FILE - In this Thursday, June 21, 2018, file photo, Major League Baseball commissioner Rob Manfred speaks during a news conference in Omaha, Neb. Manfred doesn’t foresee any problems if the World Series winner is invited to make the traditional visit to the White House. Manfred also says he is less concerned about lengthy games in the postseason than he is during the season. (AP Photo/Nati Harnik, File)

AP

There are no immediate plans to tweak the length of MLB games, league commissioner Rob Manfred said Saturday. Even as television ratings for World Series Games 1-3 dropped to a four-year low, Manfred refused to assign blame to Game 3’s 18-inning slog or suggest that more stringent measures be put in place to prevent games from stretching past a certain length.

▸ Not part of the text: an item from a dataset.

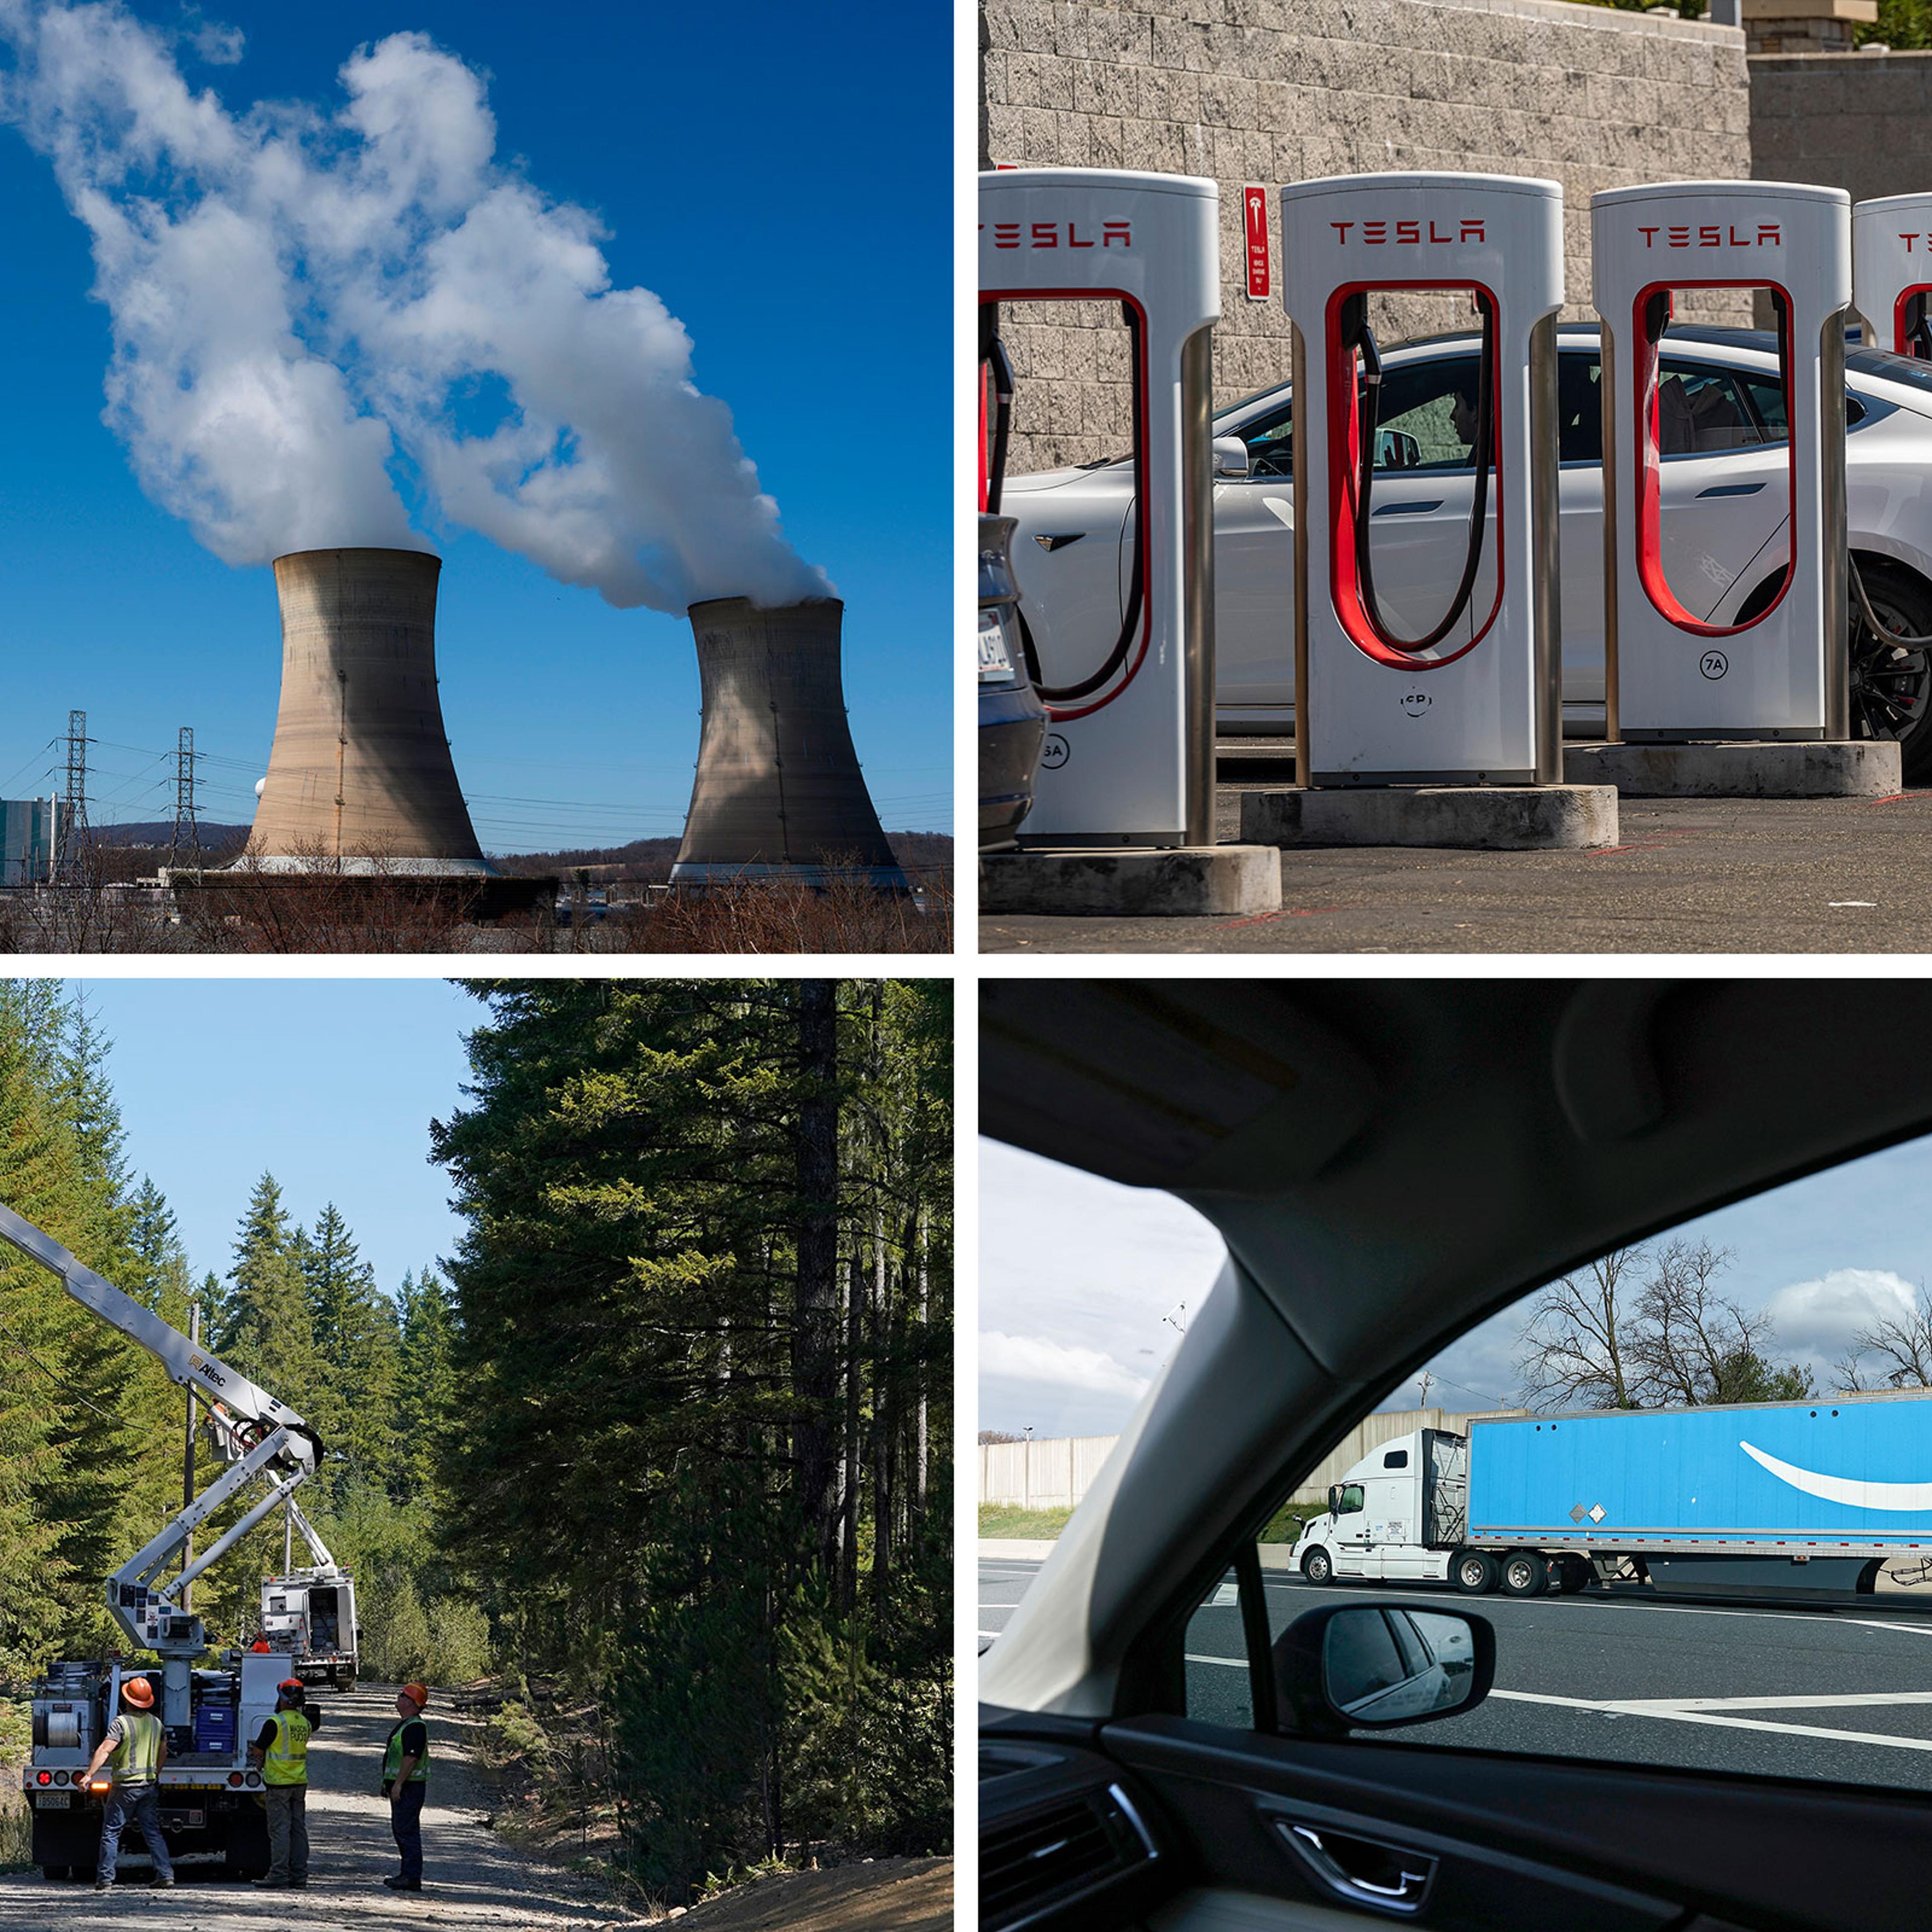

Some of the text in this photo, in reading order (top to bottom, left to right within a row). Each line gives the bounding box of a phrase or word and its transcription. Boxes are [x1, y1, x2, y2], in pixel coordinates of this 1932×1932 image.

Via Gabe Lacques of USA Today:

I don’t think of it as a seven-hour ask,” Manfred said. “Nobody knows, going into the game, that we’re going to play 18 innings. The fact of the matter is, we recognize that it’s helpful to provide as crisp a game as possible, with as little downtime as possible, but I don’t think you can wring your hands over playing a seven-hour game in the World Series that turned out to be a great game. It’s one game!

Manfred also addressed the minor-league rule that allows each team to begin extra innings with a runner on second base. While such a drastic measure isn’t under active consideration in the majors just yet, that isn’t to say it’ll remain off the table indefinitely.

For now, however, Game 3 and its unprecedented seven-hour, 20-minute pace remains an anomaly -- and one that’s unlikely to spark significant change in either the regular season or postseason. By comparison, Games 1 and 2 of the Fall Classic hovered between three and four hours long, while the average time of regular season games hasn’t strayed far from the three-hour mark in the last seven years. There was just a four-minute decrease between the three-hour, eight-minute average of 2017 games and the three-hour, four-minute average of 2018 games.

Manfred spoke specifically to playoff games on Saturday, stressing that any fundamental rule changes would conflict with the “long tradition of playing your games out in the World Series.” While he’s often been at the forefront of pace-of-play initiatives over the last year, this is a tradition he’s bound to respect, at least for the time being.